A look of panic invaded Ted’s face. Every time he came to our place he determined not to be manoeuvred into fixing anything.

‘Just glance at one gone-wrong damn thing,’ Dad said.

He led Ted around the bed to a shaky table on which he kept his record-player, one of those box jobs covered in cheap felt with a small speaker at the front and a brittle cream turntable, with a long spindle through it for stacking long-players. Dad waved at it and addressed Ted as I’m sure he used to speak to his servants.

‘I’m heart-broken, Ted. I can’t play my Nat King Cole and Pink Floyd records. Please help me out.’

Ted peered at it. I noticed his fingers were thick as sausages, the nails smashed, the flesh ingrained with filth. I tried to imagine his hand on a woman’s body. ‘Why can’t Karim do it?’

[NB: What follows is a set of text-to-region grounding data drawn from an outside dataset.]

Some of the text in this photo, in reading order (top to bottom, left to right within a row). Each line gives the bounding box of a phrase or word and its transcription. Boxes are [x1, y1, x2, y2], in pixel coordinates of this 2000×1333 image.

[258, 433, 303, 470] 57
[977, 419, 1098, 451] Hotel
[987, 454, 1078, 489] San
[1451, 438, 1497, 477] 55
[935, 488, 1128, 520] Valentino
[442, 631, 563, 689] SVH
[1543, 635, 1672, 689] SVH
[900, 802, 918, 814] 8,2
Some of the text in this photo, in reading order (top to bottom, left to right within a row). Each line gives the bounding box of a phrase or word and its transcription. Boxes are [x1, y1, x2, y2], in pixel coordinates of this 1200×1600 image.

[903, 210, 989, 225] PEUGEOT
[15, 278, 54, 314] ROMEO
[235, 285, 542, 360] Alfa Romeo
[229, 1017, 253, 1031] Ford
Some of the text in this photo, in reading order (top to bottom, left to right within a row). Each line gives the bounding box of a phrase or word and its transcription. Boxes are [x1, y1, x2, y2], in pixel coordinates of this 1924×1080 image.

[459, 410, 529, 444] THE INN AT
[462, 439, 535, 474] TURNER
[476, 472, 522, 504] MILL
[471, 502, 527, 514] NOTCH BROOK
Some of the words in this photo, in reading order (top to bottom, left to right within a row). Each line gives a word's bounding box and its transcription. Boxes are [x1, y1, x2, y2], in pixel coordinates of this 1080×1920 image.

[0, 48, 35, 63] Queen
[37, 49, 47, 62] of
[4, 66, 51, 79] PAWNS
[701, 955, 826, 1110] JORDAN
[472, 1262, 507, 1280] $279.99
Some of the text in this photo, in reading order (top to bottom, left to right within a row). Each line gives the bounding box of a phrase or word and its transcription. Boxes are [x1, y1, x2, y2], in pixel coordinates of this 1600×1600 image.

‘He’s saving his fingers to be a doctor. Plus he’s a useless bastard.’

‘That’s true,’ said Ted, cheered by this insult.

‘Of course, it’s the useless that endure.’

Ted looked suspiciously at Dad after this uncalled-for mysticism. I fetched Ted’s screwdriver from his car and he sat on the bed and started to unscrew the record-player.

‘Jean said I should come and see you, Harry.’ Ted didn’t know what to say next and Dad didn’t help him. ‘She says you’re a Buddhist.’

He said ‘Buddhist’ as he would have said ‘homosexual’ had he cause to say ‘homosexual’ ever, which he didn’t.

‘What is a Buddhist?’

‘What was all that funny business with no shoes on the other week up in Chislehurst?’ Ted countered.

‘Did it disgust you, listening to me?’

‘Me? No, I’ll listen to anyone. But Jean, she definitely had her stomach turned queer.’

‘Why?’

Dad was confusing Ted.

‘Buddhism isn’t the kind of thing she’s used to. It’s got to stop! Everything you’re up to, it’s got to stop right now!’

Dad went into one of his crafty silences, just sitting there with his thumbs together and his head humbly bent like a kid who’s been told off but is convinced, in his heart, that he’s right.

‘So just stop, or what will I tell Jean?’

Ted was getting stormy. Dad continued to sit.

‘Tell her: Harry’s nothing.’

This took the rest of the puff out of Ted, who was, failing everything else, in need of a row, even though he had his hands full of record-player parts.

Then, with a turn of speed, Dad switched the subject. Like a footballer passing a long low ball right through the opposition’s defence he started to ask Ted how work was, work and business. Ted sighed, but he brightened: he seemed better on this subject.

‘Hard work, very hard, from mornin’ till night.’

‘Yes?’

‘Work, work, damn work!’

Dad was uninterested. Or so I thought.

Then he did this extraordinary thing. I don’t think he even knew he was going to do it. He got up and went to Ted and put his hand on the back of Ted’s neck, and pulled Ted’s neck towards him, until Ted had his nose on Dad’s chest. Ted remained in that position, the record-player on his lap, with Dad looking down on to the top of his head, for at least five minutes before Dad spoke. Then he said, ‘There’s too much work in the world.’

Somehow Dad had released Ted from the obligation to behave normally. Ted’s voice was choked. ‘Can’t just stop,’ he moaned.

‘Yes, you can.’

‘How will I live?’

‘How are you living now? Disaster. Follow your feelings. Follow the course of least resistance. Do what pleases you – whatever it is. Let the house fall down. Drift.’

‘Don’t be a cunt. Got to make an effort.’

‘Under no circumstances make an effort,’ said Dad firmly, gripping Ted’s head. ‘If you don’t stop making an effort you’ll die soon.’

‘Die? Will I?’

‘Oh yes. Trying is ruining you. You can’t try to fall in love, can you? And trying to make love leads to impotence. Follow your feelings. All effort is ignorance. There is innate wisdom. Only do what you love.’